Understanding Gastroschisis
Gastroschisis is an abdominal wall defect characterized by a full-thickness opening, typically located to the right of the umbilical cord. Through this opening, bowel loops and occasionally other abdominal organs, such as the stomach or liver, extend outside the fetal abdomen into the amniotic fluid. A distinguishing feature of gastroschisis is the absence of a protective membrane or sac covering the exposed organs, unlike other similar conditions.
The cause of gastroschisis is often unknown and not typically linked to other genetic conditions. Its prevalence has increased globally, with reported rates ranging from approximately 1 in 3,600 to 5 in 10,000 live births. Exposure of the fetal bowel to amniotic fluid can lead to irritation, causing the intestines to become thickened, matted, or dilated.
Detecting Gastroschisis with Ultrasound
Gastroschisis is often identified during prenatal ultrasound examinations, typically around 18 to 20 weeks of gestation, though detection can occur as early as 11 to 14 weeks.

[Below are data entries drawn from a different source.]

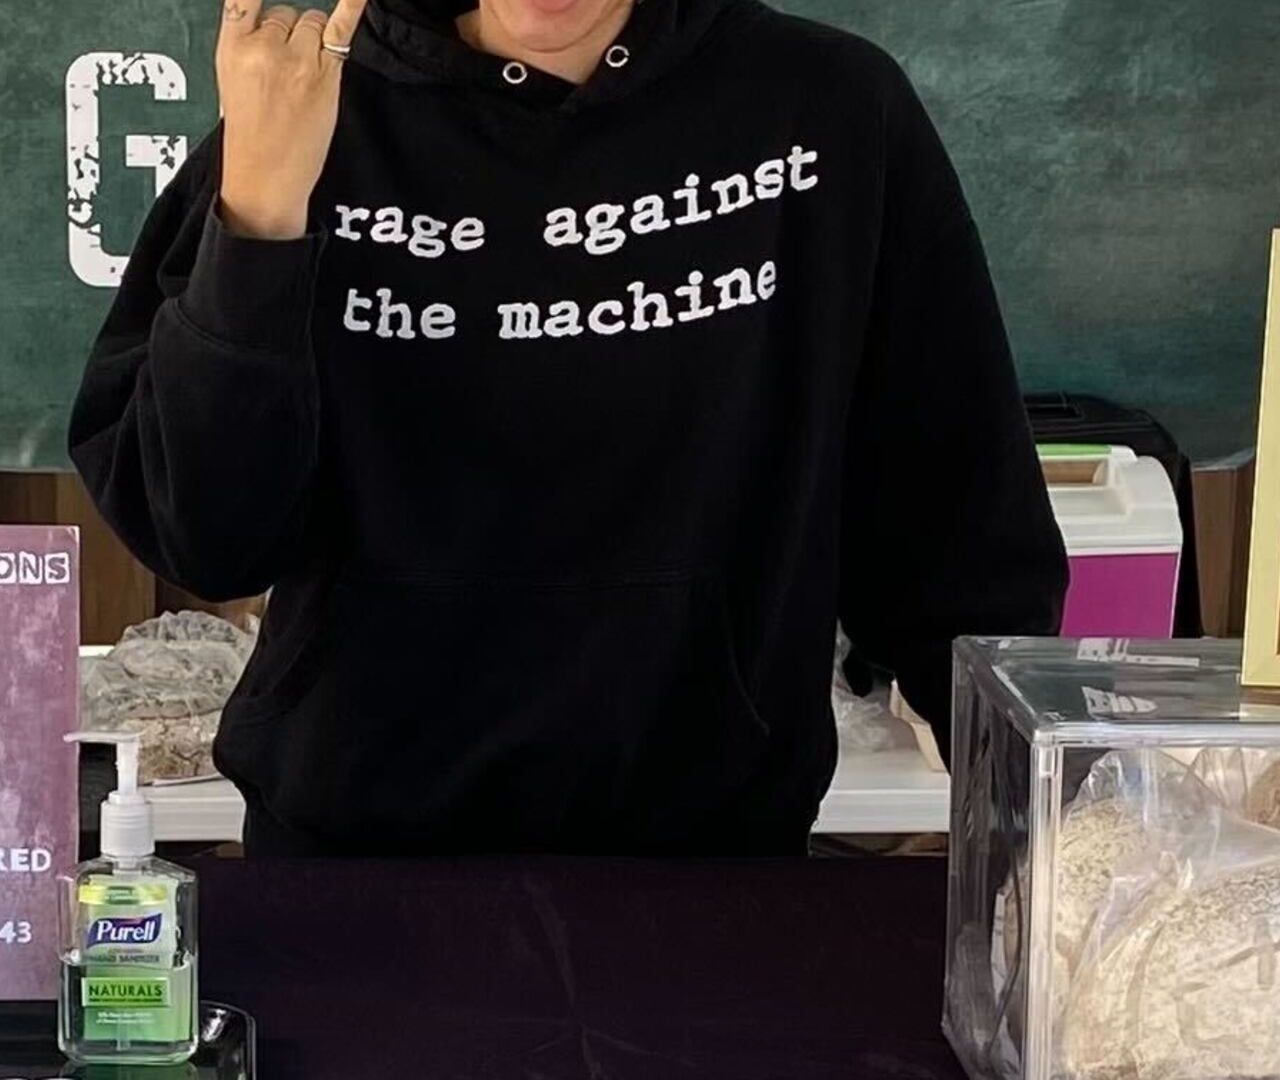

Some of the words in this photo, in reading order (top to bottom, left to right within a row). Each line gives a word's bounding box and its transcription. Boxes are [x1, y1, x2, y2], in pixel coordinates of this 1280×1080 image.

[335, 204, 485, 258] rage
[543, 145, 818, 255] against
[343, 288, 456, 339] the
[497, 260, 776, 339] machine
[97, 919, 156, 941] Purell
[89, 984, 163, 997] NATURALS
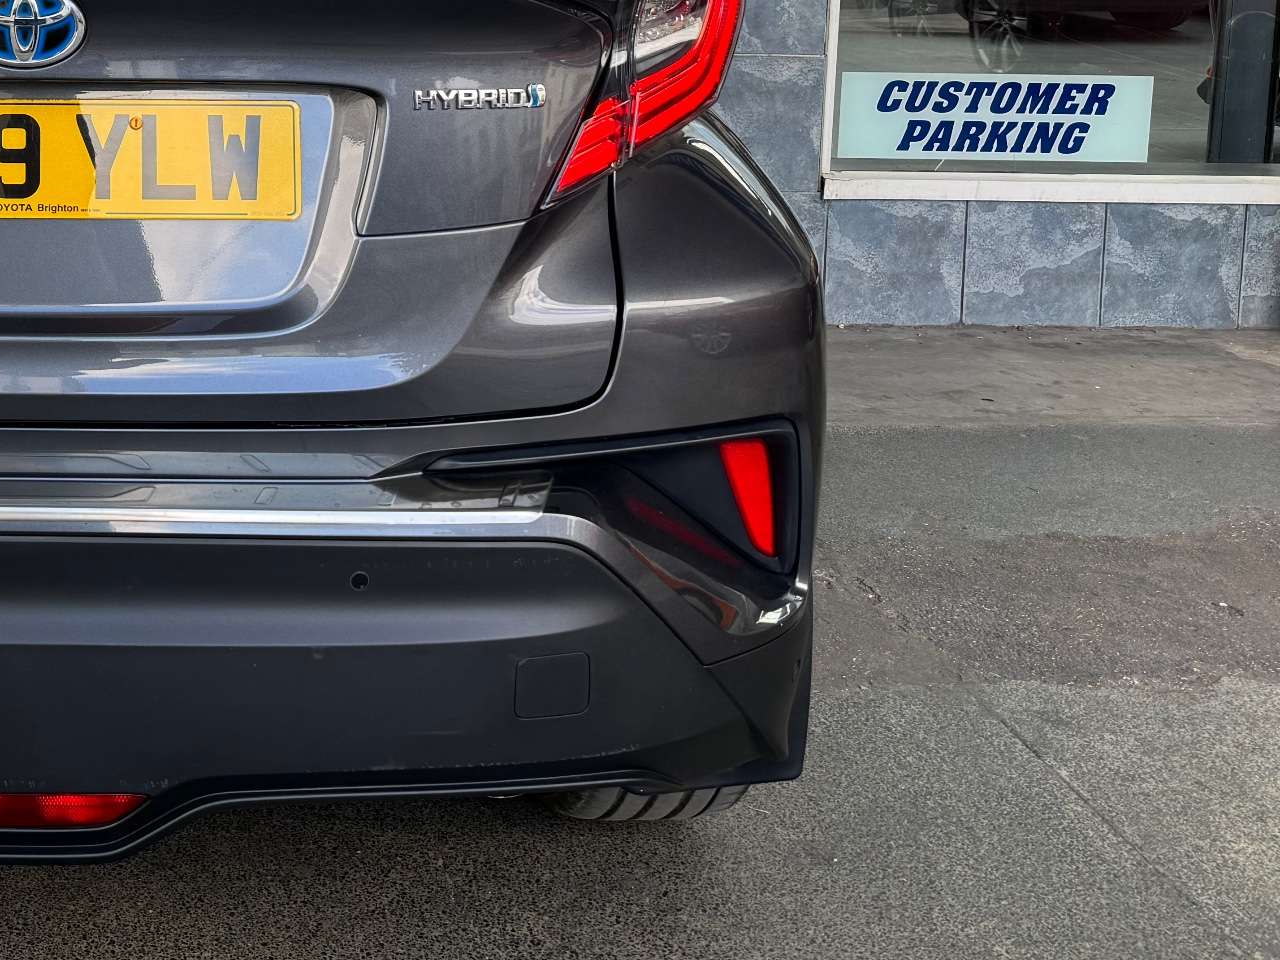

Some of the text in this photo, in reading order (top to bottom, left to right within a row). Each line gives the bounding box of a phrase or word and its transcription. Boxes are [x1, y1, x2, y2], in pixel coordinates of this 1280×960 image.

During an ultrasound, medical professionals look for specific visual cues, such as free-floating loops of bowel outside the fetal abdomen.
Ultrasound is also useful in distinguishing gastroschisis from other abdominal wall defects like omphalocele. In omphalocele, the herniated organs are covered by a membrane, and the umbilical cord inserts directly into the defect, which is not the case with gastroschisis. An elevated maternal serum alpha-fetoprotein (AFP) level can also indicate a higher risk of gastroschisis, prompting a more detailed ultrasound investigation.

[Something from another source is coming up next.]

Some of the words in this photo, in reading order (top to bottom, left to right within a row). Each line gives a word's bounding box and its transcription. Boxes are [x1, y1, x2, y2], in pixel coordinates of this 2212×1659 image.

Ongoing Ultrasound Monitoring
After an initial diagnosis of gastroschisis, regular ultrasound scans become a consistent part of prenatal care. These follow-up examinations help the medical team monitor the condition and various aspects of fetal health. One focus is assessing fetal growth, as babies with gastroschisis may experience intrauterine growth restriction.
Ultrasounds also observe the appearance of the exposed bowel, noting any thickening or dilation, which can indicate irritation from amniotic fluid exposure. Monitoring amniotic fluid levels is important, as oligohydramnios (low fluid) or polyhydramnios (excess fluid) can occur and may signal potential complications like bowel atresia. These ongoing assessments allow healthcare providers to make informed decisions about the remainder of the pregnancy and delivery planning.
Preparing for Delivery and Beyond
The diagnosis of gastroschisis through ultrasound initiates a comprehensive care plan involving a multidisciplinary team of specialists, including maternal-fetal medicine, neonatology, and pediatric surgery. Delivery is typically planned at a specialized hospital equipped with a neonatal intensive care unit and pediatric surgical services, ensuring immediate access to expert care for the newborn.
While the timing of delivery can vary, current research suggests that planned induction or delivery at 36-37 weeks gestation does not necessarily improve outcomes compared to spontaneous labor or delivery at 38 weeks or later. Vaginal delivery is generally recommended unless there are specific obstetric reasons for a Cesarean section. After birth, immediate management typically involves protecting the exposed bowel, often by placing it into a specialized bag, followed by surgical repair to return the intestines to the abdominal cavity.